## Brief
Exactly as written, print out each entry in the data, with no pictures.

## Supplied material
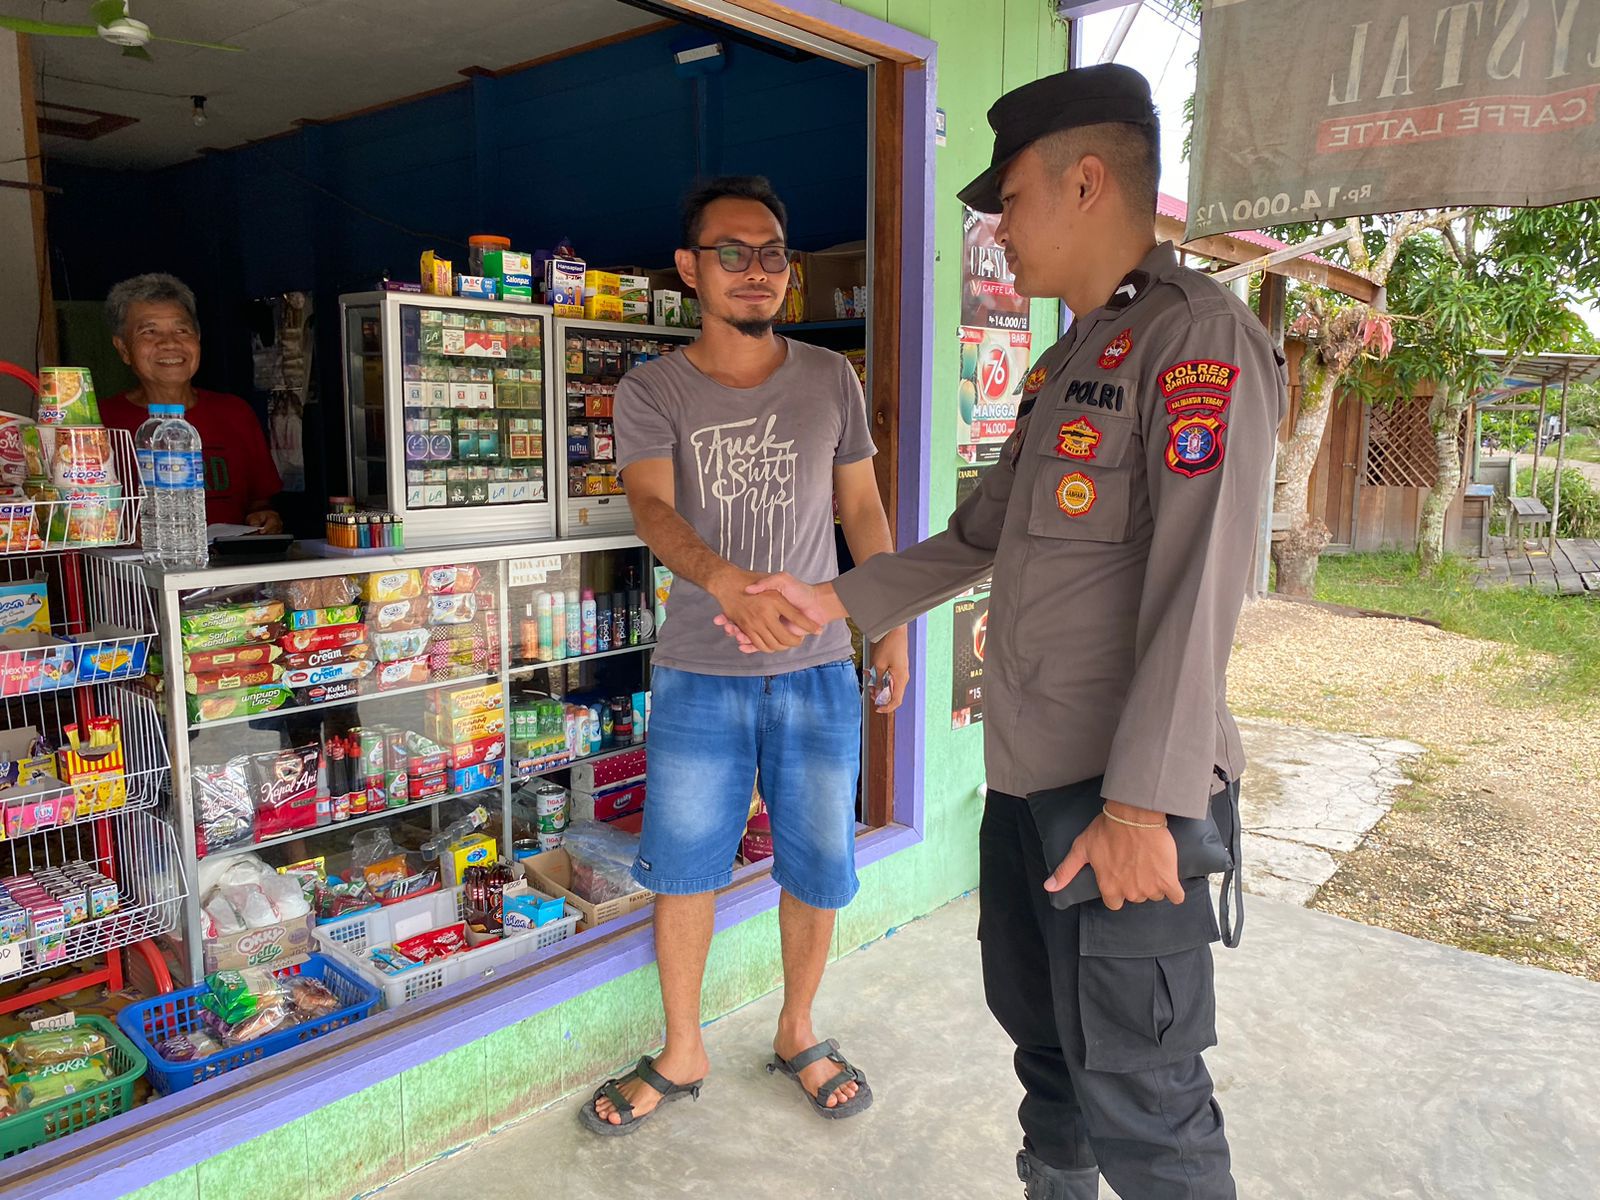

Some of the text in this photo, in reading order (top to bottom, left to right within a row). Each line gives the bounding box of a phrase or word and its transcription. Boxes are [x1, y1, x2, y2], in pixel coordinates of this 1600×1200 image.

[557, 263, 584, 272] Hansaplast
[463, 276, 480, 286] ABC
[505, 274, 530, 286] Salonpas
[1011, 333, 1030, 344] BARU
[983, 350, 1006, 394] 76
[1165, 363, 1230, 385] POLRES
[1165, 373, 1229, 392] BARITO UTARA
[1064, 380, 1124, 412] POLRI
[972, 404, 1016, 419] MANGGA
[984, 423, 1007, 434] 14.000
[492, 487, 505, 499] LA
[512, 489, 525, 498] LA
[511, 573, 546, 584] PULSA
[598, 619, 612, 642] posh
[616, 617, 627, 639] posh
[208, 630, 227, 640] Sari
[200, 636, 238, 648] Gandum
[308, 648, 343, 666] Cream
[310, 667, 344, 684] Cream
[327, 684, 348, 694] Kukis
[241, 689, 280, 702] Gandum
[251, 698, 272, 708] Sari
[261, 770, 318, 804] Kapal Api

## Answer
Some of the text in this photo, in reading order (top to bottom, left to right within a row). Each line gives the bounding box of a phrase or word and its transcription. Boxes are [x1, y1, x2, y2], in pixel coordinates of this 1600×1200 image.

[557, 263, 584, 272] Hansaplast
[463, 276, 480, 286] ABC
[505, 274, 530, 286] Salonpas
[1011, 333, 1030, 344] BARU
[983, 350, 1006, 394] 76
[1165, 363, 1230, 385] POLRES
[1165, 373, 1229, 392] BARITO UTARA
[1064, 380, 1124, 412] POLRI
[972, 404, 1016, 419] MANGGA
[984, 423, 1007, 434] 14.000
[492, 487, 505, 499] LA
[512, 489, 525, 498] LA
[511, 573, 546, 584] PULSA
[598, 619, 612, 642] posh
[616, 617, 627, 639] posh
[208, 630, 227, 640] Sari
[200, 636, 238, 648] Gandum
[308, 648, 343, 666] Cream
[310, 667, 344, 684] Cream
[327, 684, 348, 694] Kukis
[241, 689, 280, 702] Gandum
[251, 698, 272, 708] Sari
[261, 770, 318, 804] Kapal Api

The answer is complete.